[Numpy-discussion] numarray.random_array number generation in C code

Perry Greenfield perry at stsci.edu
Tue Oct 5 18:14:00 EDT 2004


Faheem Mitha wrote:

> Dear People,
>
> I want to write some C++ code to link with Python, using the
> Boost.Python interface. I need to generate random numbers in the C++
> code, and I was wondering as to the best way of doing this.
>
> Note that it is important that the random number generation interoperate
> seamlessly with Python, in the sense that the behavior of the calls to
> the RNG is the same whether calls are made at the C level or the Python
> level. I hope the reasons why this is important are obvious.
>
> I was thinking that the method should go like this.
>
> 1) When C/C++ code called, reads seed from python random state.
>
> 2) Does its stuff.
>
> 3) Writes seed back to python level when it exits.
>
> After doing a little investigation of the numarray.random_array python
> library and associated extension modules, it seems possible that the
> answer is simpler than I had supposed. However, I would appreciate it if
> someone would tell me if my understanding is incorrect in some places.
>
> Summary: It seems that I can just call all the C entry point routines
> defined in ranlib.h, without worrying about getting or setting seeds.
>
> Rationale:
>
> The structure of this random number facility has three parts, all
> files in
> Packages/RandomArray2/Src.
>
> 1) low-level C routines: Packages/RandomArray2/Src/com.c and
> Packages/RandomArray2/Src/ranlib.c.
>
> com.c: basic RNG stuff; getting and setting seeds etc.
> ranlib.c: Random number generator algorithms for different distributions
> etc.
>
> 2) Python to C interface: Packages/RandomArray2/Src/ranlibmodule.c.
>
> This interfaces the stuff in com.c and ranlib.c.
>
> 3) Python wrapper: Packages/RandomArray2/Lib/RandomArray2.py.
>
> This wraps the C interface. In most cases it does not do much
> else besides
> some basic argument error checking.
>
> From my perspective, the important thing is that the random
> number seed is
> only defined at C level as a static object, all the RNG stuff
> happens at C
> level, and the Python code just calls the C code as necessary. (I'm
> sketchy about the details of what is defined as the seed etc.)
>
> This is in contrast with the R RNG facility (the only other RNG
> facility I
> am familiar with), which uses macros SetRNGstate() and GetRNGstate() to
> read and write the seed, which is defined at R level.
>
> Therefore, the upshot is that the C routines in ranlib.h read and write
> the same seed as the python level functions do, so no special action is
> necessary with regard to the seed.
>
> Is this correct?
>
> In any case, it would be nice if something like the above was documented,
> so lost souls like myself don't have to go trawling through the source
> code to figure out what is going on. Of course it is nice that the source
> code is available, otherwise even that would be impossible.
>
> R documents this stuff in the "Writing R Extensions" manual, online at
> http://cran.r-project.org/doc/manuals/R-exts.pdf. Perhaps the Numarray
> manual could have a small section about this too.
>
>                                                          Regards, Faheem.
>
I'm not sure I understand what you want to do. Do you want to link
directly to the extension code from your C++ code? If so I'm wondering
why. It would make the most sense if the C++ code needed obtain
small numbers of random numbers in some iterative loop, and you wish
to use the same random number library that that numarray is using.
Otherwise, I would normally obtain the random number array
in python, then call the C++ extension. Perhaps I didn't read carefully
enough. Normally linking to an extension module involves some hacks
that I'm not sure were done for the randomarray module (the gory
details are in the python docs for extension modules), Todd can
check on that, I'm not sure I will have time (a superficial check
seems to indicate that it doesn't support direct linking, though
one could link to the underlying library I suppose).

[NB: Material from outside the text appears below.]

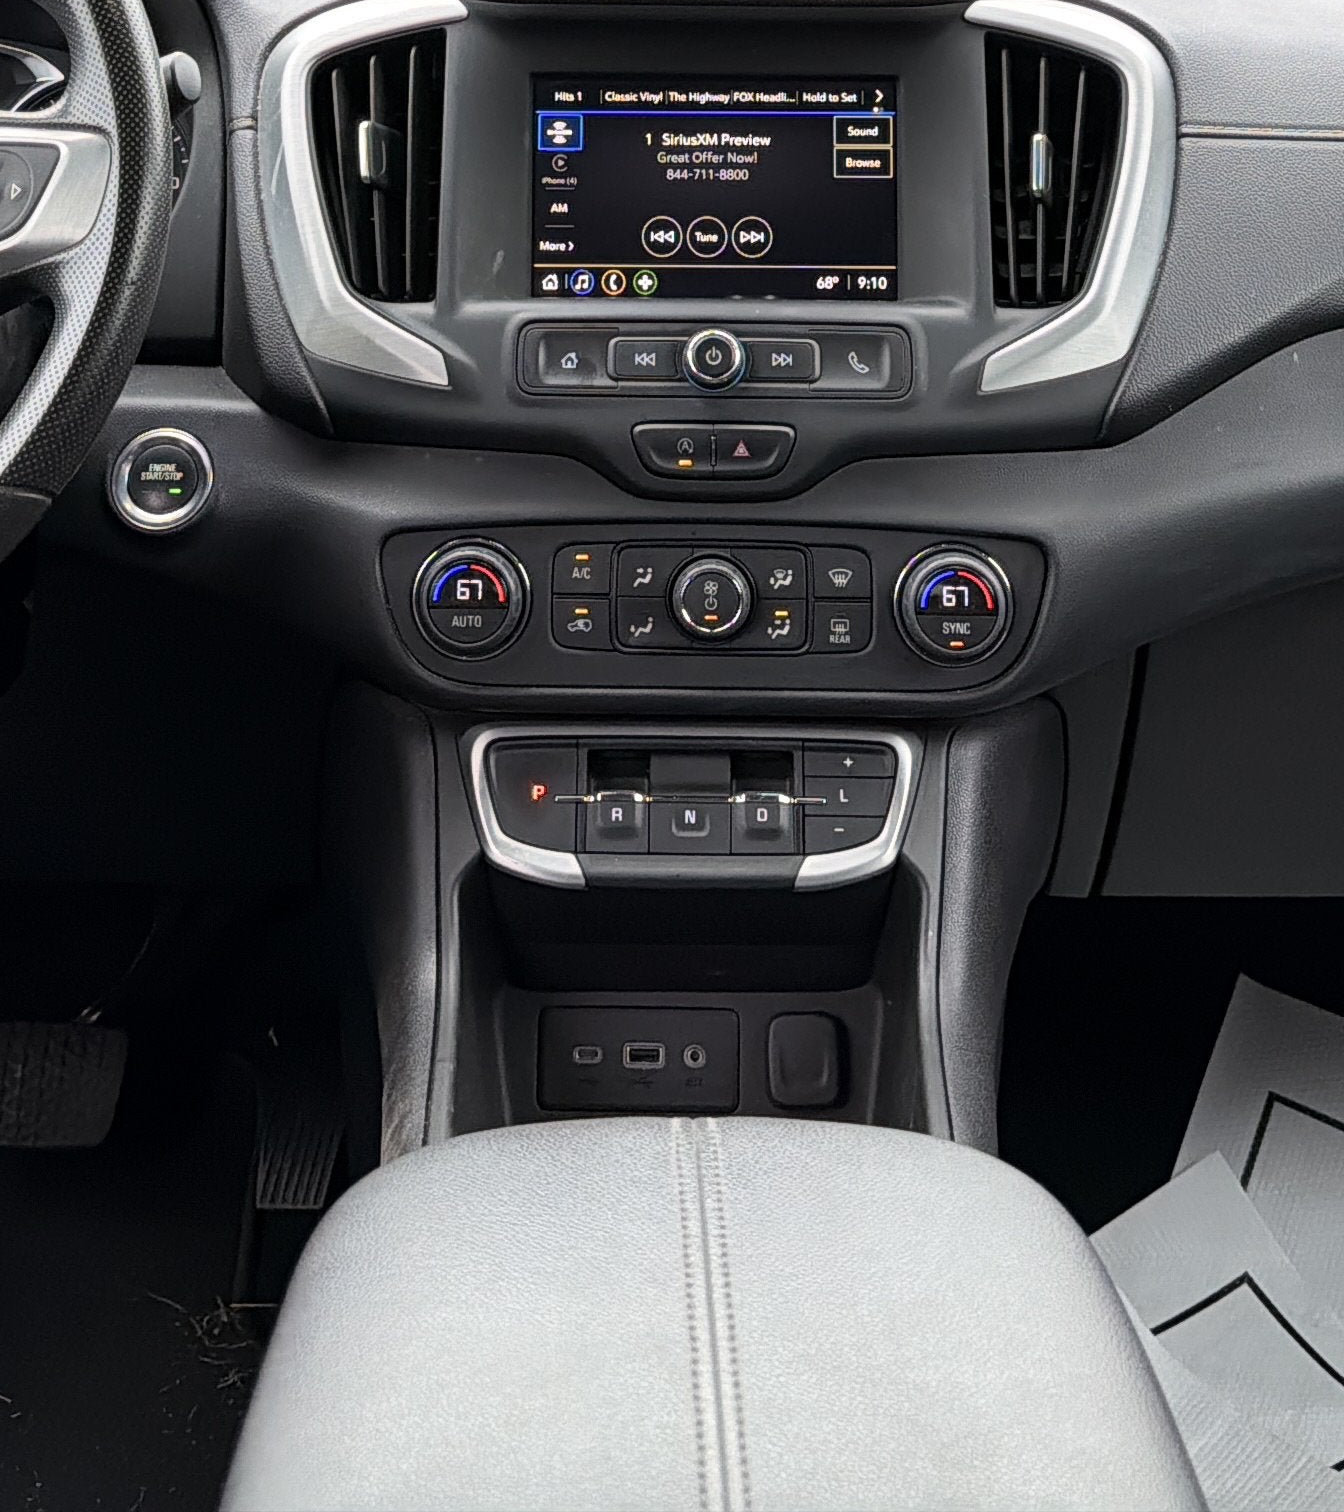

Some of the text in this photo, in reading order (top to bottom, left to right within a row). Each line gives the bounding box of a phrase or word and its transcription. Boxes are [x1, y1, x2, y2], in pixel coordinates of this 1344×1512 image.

As an aside, it is likely that a better module can be done as some
have suggested, we just took what Numeric had at the time. Doing that
is not a high priority with us at the moment (anyone else want to
tackle that?). Right now integration with scipy is our biggest
priority so things like this will have to take a back seat for
a while.

Furthermore, we did what we needed to to port these modules from
Numeric, but that didn't necessarily make us experts in how they
worked. I wish we were, but we've generally been directing our
energy elsewhere. I'd presume that the sensible way for the module
to work is to initialize its seed from a time-based seed in the
absence of any other seed initialization, and to keep the seed
state in the extension module, but I could be wrong.